*WHAT IS NEEDED*
A faithful copy of every entry, with the pictures removed, is what is needed here.

*** SOURCE INFORMATION ***

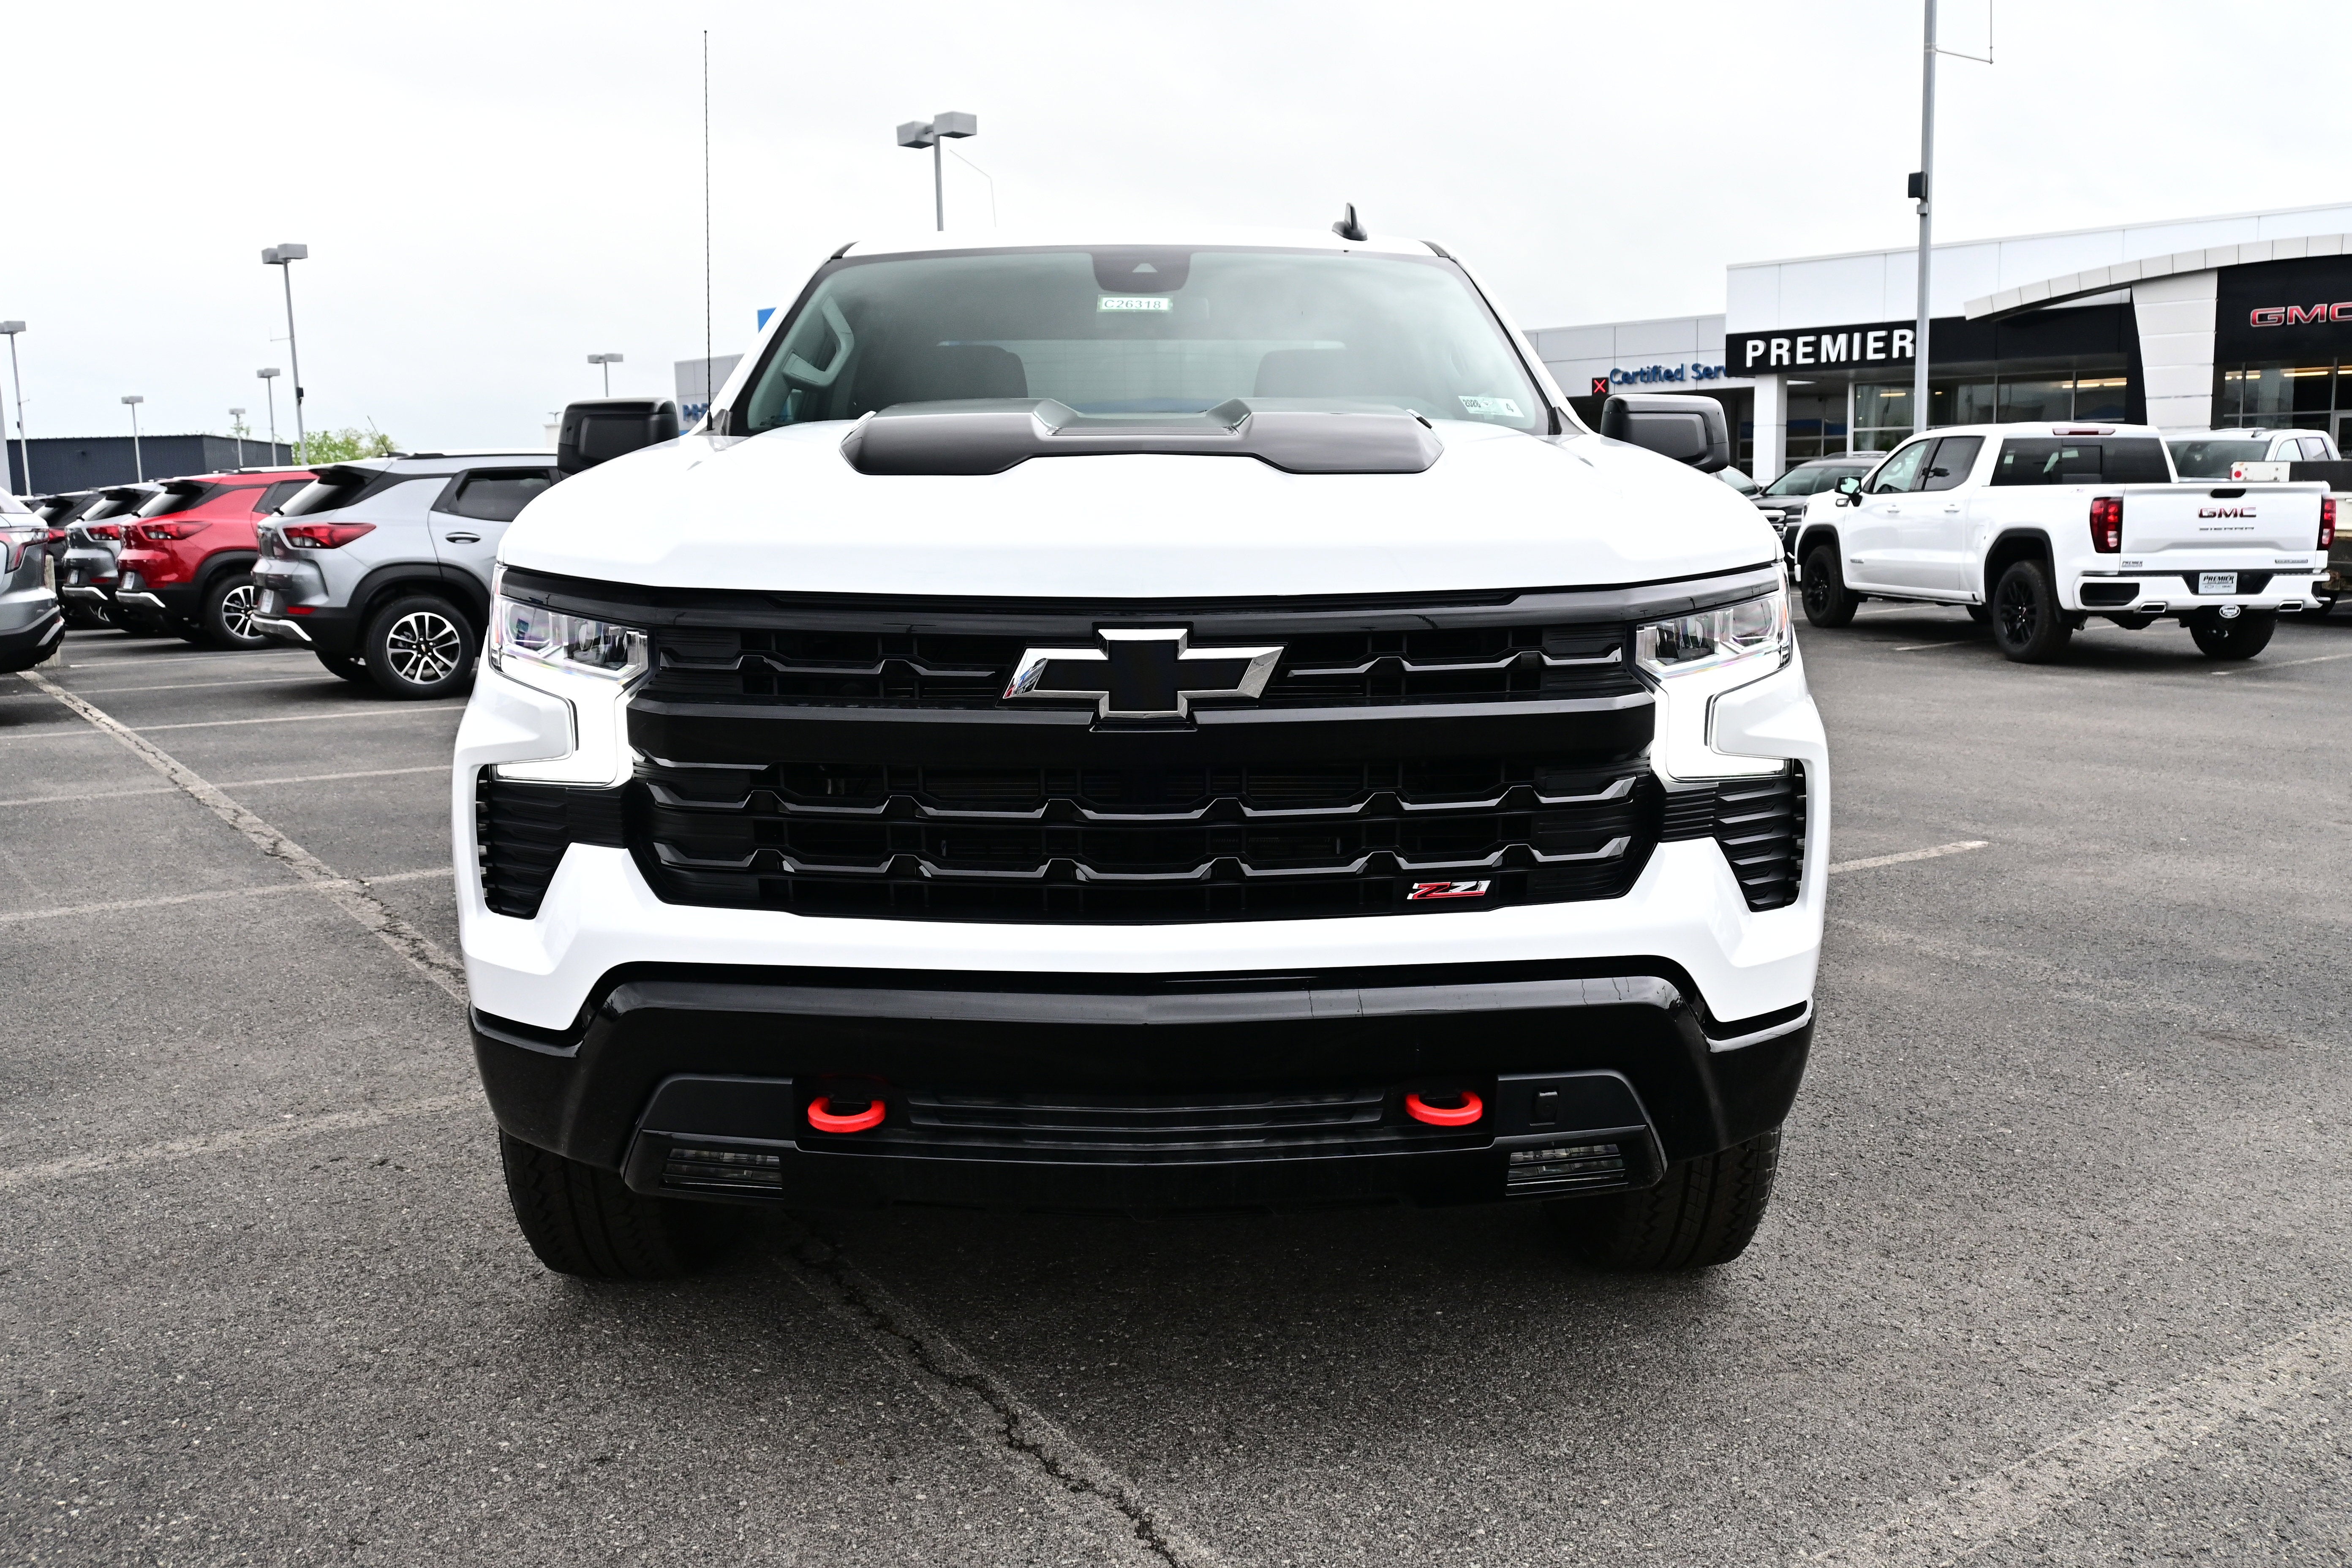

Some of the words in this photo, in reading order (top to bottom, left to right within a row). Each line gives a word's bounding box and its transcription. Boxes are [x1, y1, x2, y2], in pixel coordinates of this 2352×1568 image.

[1104, 300, 1161, 309] C26318
[2250, 302, 2352, 327] GMC
[1746, 329, 1915, 368] PREMIER
[1610, 363, 1685, 384] Certified
[1506, 403, 1514, 412] 4
[2199, 506, 2257, 518] GMC
[1407, 880, 1491, 900] Z71

***

*EXERCISE SOLUTION*
Some of the words in this photo, in reading order (top to bottom, left to right within a row). Each line gives a word's bounding box and its transcription. Boxes are [x1, y1, x2, y2], in pixel coordinates of this 2352×1568 image.

[1104, 300, 1161, 309] C26318
[2250, 302, 2352, 327] GMC
[1746, 329, 1915, 368] PREMIER
[1610, 363, 1685, 384] Certified
[1506, 403, 1514, 412] 4
[2199, 506, 2257, 518] GMC
[1407, 880, 1491, 900] Z71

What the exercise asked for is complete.